In Sect. 7 we apply the above procedure to determination of the PDF\(+\alpha _S(M_Z^2)\) uncertainties on the predictions for the cross sections for benchmark processes at the Tevatron and the LHC, but first we examine the change in the PDF sets themselves with \(\alpha _S(M_Z^2)\).

Comparison of PDF sets

It is informative to see the changes in the PDFs obtained in global fits for fixed values of \(\alpha _S(M_Z^2)\) relative to those obtained for the central value; we only consider the NNLO case here, but note that the NLO PDFs behave in a similar way. These are shown in Figs. 13, 14 and 15 for the various PDFs as a function of x for \(Q^2=10^4\) GeV\(^2\) – a value of \(Q^2\) relevant to data from the LHC. In almost every case the changes in the PDFs for the coupling varied in the range \(0.116<\alpha _S(M_Z^2)<0.120\) are well within the PDF uncertainty bounds.

Fig. 13
figure13

Percentage difference in the NNLO gluon and strange-quark PDFs at \(Q^2=10^4\) \(\mathrm{GeV}^2\) relative to central (\(\alpha _S(M_Z^2)=0.118\)) set for fits with different values of \(\alpha _S\), with the percentage error bands for the central set also shown

Fig. 14
figure14

Percentage difference in the NNLO up and down quark PDFs at \(Q^2=10^4\) \(\mathrm{GeV}^2\) relative to central (\(\alpha _S(M_Z^2)=0.118\)) set for fits with different values of \(\alpha _S\), with the percentage error bands for the central set also shown

Fig. 15
figure15

Percentage difference in the NNLO up and down valence quark PDFs at \(Q^2=10^4\) \(\mathrm{GeV}^2\) relative to central (\(\alpha _S(M_Z^2)=0.118\)) set for fits with different values of \(\alpha _S\), with the percentage error bands for the central set also shown

As expected, the gluon distribution for \(x<0.1\) is larger for \(\alpha _S(M_Z^2)=0.116\) and smaller for \(\alpha _S(M_Z^2)=0.120\): a change which preserves the product \(\alpha _S g\), which approximately determines the evolution of \(F_2(x,Q^2)\) with \(Q^2\) at low x. This is the dominant constraint on the gluon, and a smaller low x gluon leads to a larger high-x gluon (and vice versa) due to the momentum sum rule. The u and d PDFs have the opposite trend as \(\alpha _S(M_Z^2)\) changes. At small x values this is a marginal effect, due to the interplay of a variety of competing elements. At high x the decreasing quark distribution with increasing \(\alpha _S\) is due to the quicker evolution of quarks to lower x. The insensitivity of the strange-quark PDF to variations of \(\alpha _S(M_Z^2)\) at low x is partly just due to the relative insensitivity of all low-x quarks, but is also partially explained by the comments in the previous section about the MMHT analysis [4] of dimuon production in neutrino interactions – where the changes in \(\alpha _S(M_Z^2)\) are, to some extent, compensated by changes in the \(B(D\rightarrow \mu )\) branching ratio parameter.

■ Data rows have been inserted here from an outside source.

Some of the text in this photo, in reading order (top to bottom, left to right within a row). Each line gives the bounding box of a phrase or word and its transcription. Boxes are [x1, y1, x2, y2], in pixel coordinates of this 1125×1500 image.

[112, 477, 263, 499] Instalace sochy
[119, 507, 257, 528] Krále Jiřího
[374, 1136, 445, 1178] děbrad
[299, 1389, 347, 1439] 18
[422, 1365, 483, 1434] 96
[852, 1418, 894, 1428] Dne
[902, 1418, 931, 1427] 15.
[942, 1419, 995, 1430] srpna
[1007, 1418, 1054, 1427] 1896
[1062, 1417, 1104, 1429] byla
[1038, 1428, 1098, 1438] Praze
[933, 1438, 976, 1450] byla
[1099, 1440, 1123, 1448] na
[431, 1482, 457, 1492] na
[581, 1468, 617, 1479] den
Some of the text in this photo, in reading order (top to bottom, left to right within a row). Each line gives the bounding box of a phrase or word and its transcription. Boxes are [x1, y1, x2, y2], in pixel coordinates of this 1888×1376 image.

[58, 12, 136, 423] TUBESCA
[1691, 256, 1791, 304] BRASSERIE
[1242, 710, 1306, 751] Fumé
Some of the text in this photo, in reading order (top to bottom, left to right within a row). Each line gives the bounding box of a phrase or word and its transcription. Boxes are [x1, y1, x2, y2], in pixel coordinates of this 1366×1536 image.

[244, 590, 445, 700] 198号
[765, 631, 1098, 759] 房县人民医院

In Fig. 16 we compare the changes in the gluon PDF for different fixed values of \(\alpha _S(M_Z^2)\) at a much lower value of \(Q^2\), namely \(Q^2=10\) GeV\(^2\). Here the gluon PDF is much more sensitive to the value of \(\alpha _S(M_Z^2)\), and the changes in the gluon PDF lie outside its uncertainty bounds. The message is clear. At the high value of \(Q^2=10^4\) GeV\(^2\) the long evolution length means that the gluon PDF in the relevant broad x range about \(x\sim 0.01\) is determined by PDFs at larger x, and is relatively insensitive to the parameters of the starting distributions.

Fig. 16
figure16

Percentage difference in the NNLO gluon PDFs at \(Q^2=10\) \(\mathrm{GeV}^2\) relative to central (\(\alpha _S(M_Z^2)=0.118\)) set for fits with different values of \(\alpha _S\), with the percentage error bands for the central set also shown

Benchmark cross sections

In this section we show uncertainties for cross sections at the Tevatron, and for 7 and \(14~\mathrm TeV\) at the LHC. Uncertainties for 8 and \(13~\mathrm TeV\) will be very similar to those at 7 and \(14~\mathrm TeV\), respectively. We calculate the cross sections for W and Z boson, Higgs boson via gluon–gluon fusion and top-quark pair production.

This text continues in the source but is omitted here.